# Assignment
Nothing but a verbatim copy of the data, minus the images, should be returned.

>>>

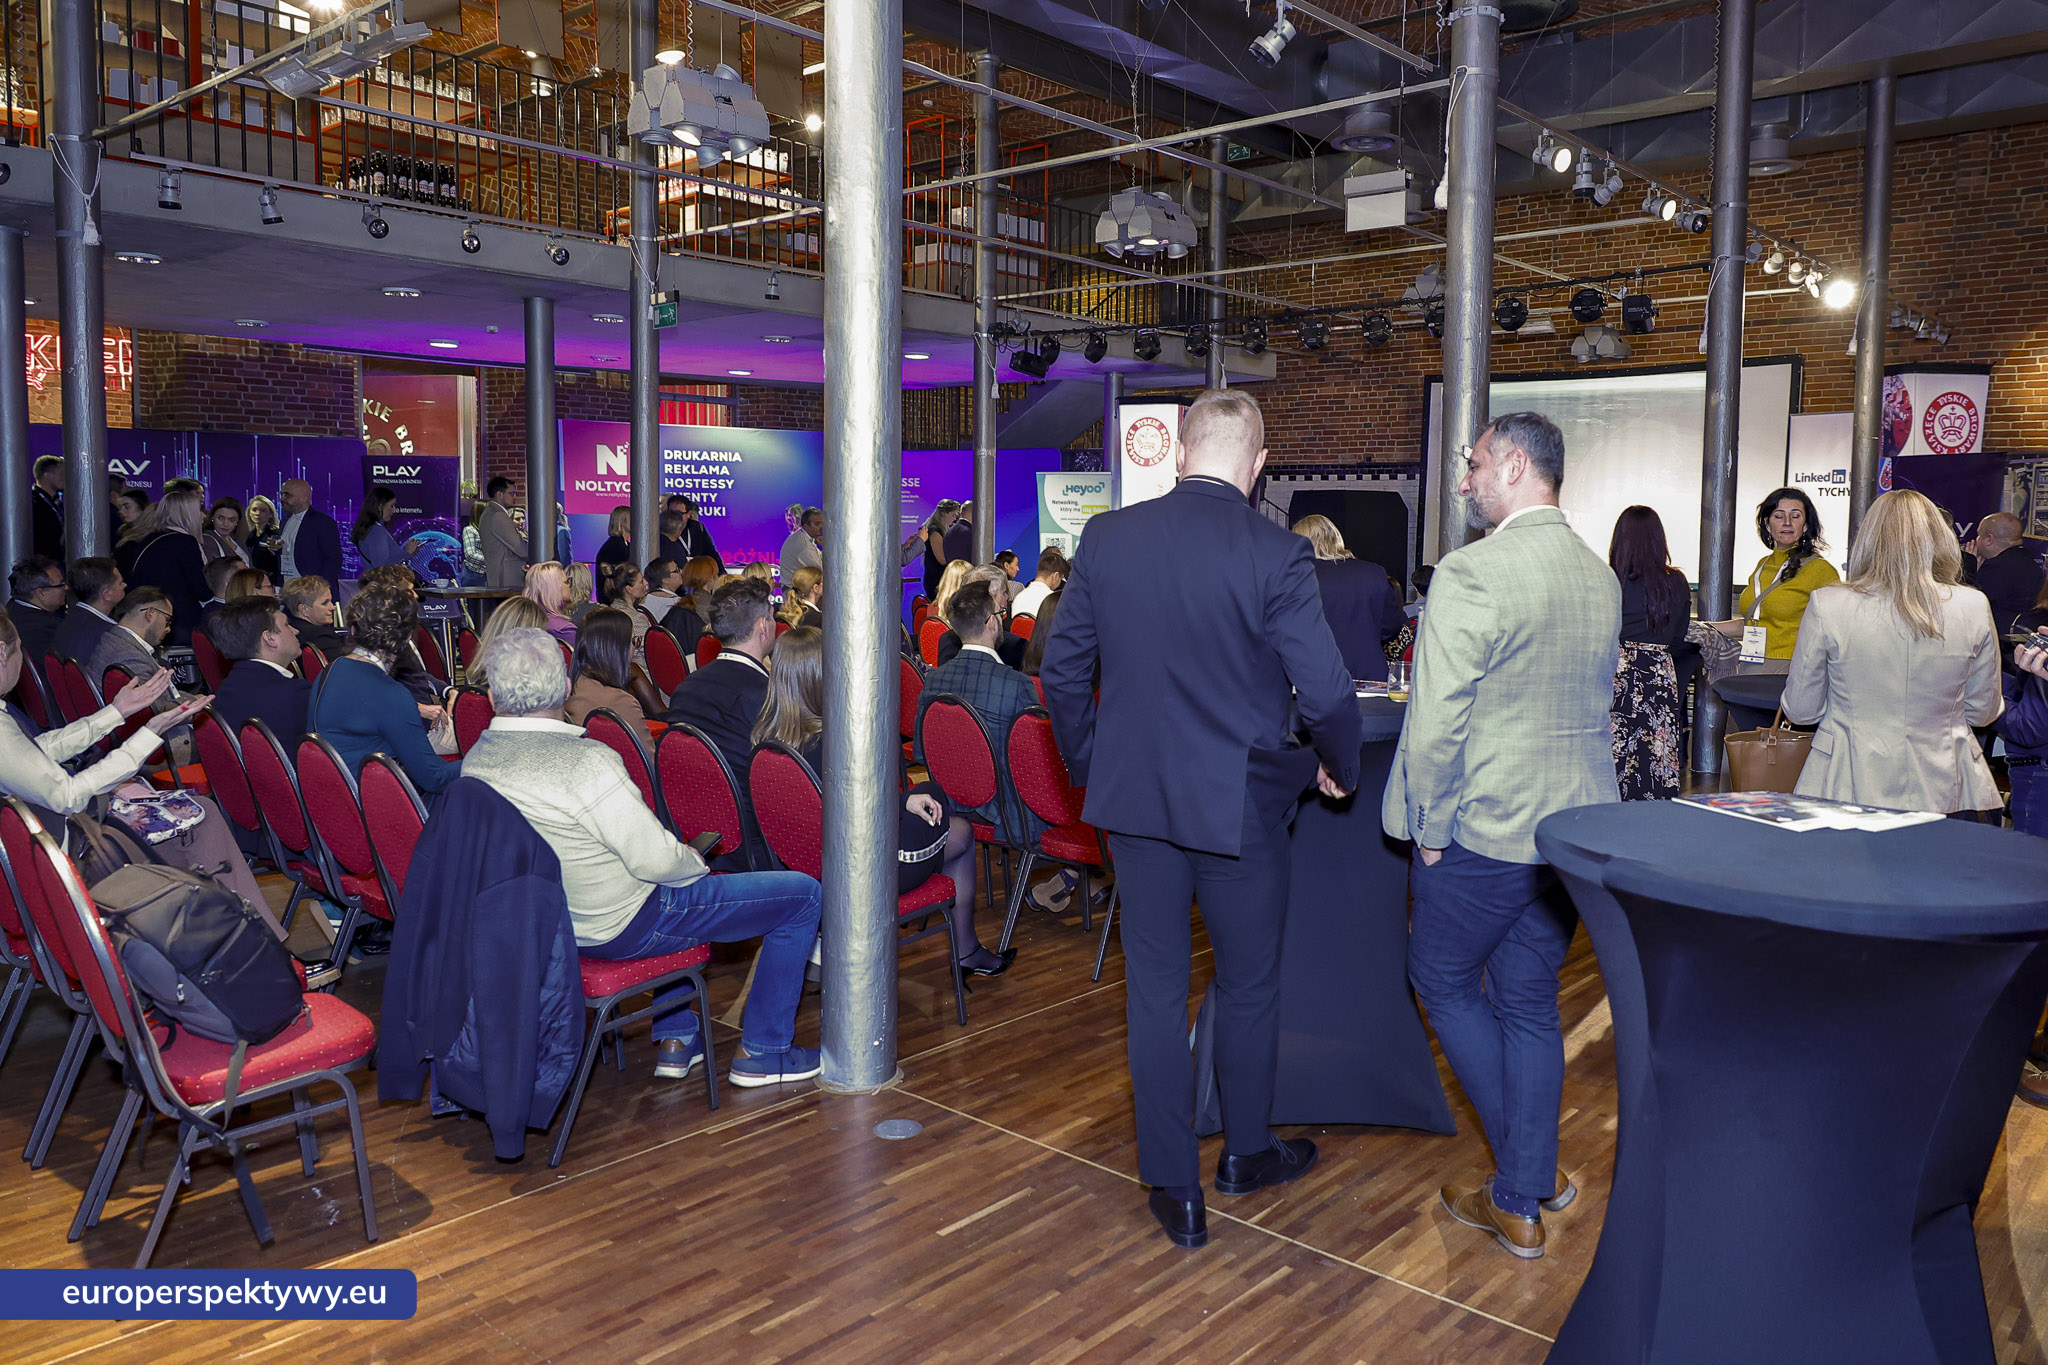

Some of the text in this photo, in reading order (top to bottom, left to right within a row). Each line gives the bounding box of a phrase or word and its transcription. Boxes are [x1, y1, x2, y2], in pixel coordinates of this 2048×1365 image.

[663, 449, 743, 463] DRUKARNIA
[372, 465, 422, 477] PLAY
[664, 464, 731, 476] REKLAMA
[664, 477, 735, 490] HOSTESSY

<<<

# The completed task
Some of the text in this photo, in reading order (top to bottom, left to right within a row). Each line gives the bounding box of a phrase or word and its transcription. Boxes are [x1, y1, x2, y2], in pixel coordinates of this 2048×1365 image.

[663, 449, 743, 463] DRUKARNIA
[372, 465, 422, 477] PLAY
[664, 464, 731, 476] REKLAMA
[664, 477, 735, 490] HOSTESSY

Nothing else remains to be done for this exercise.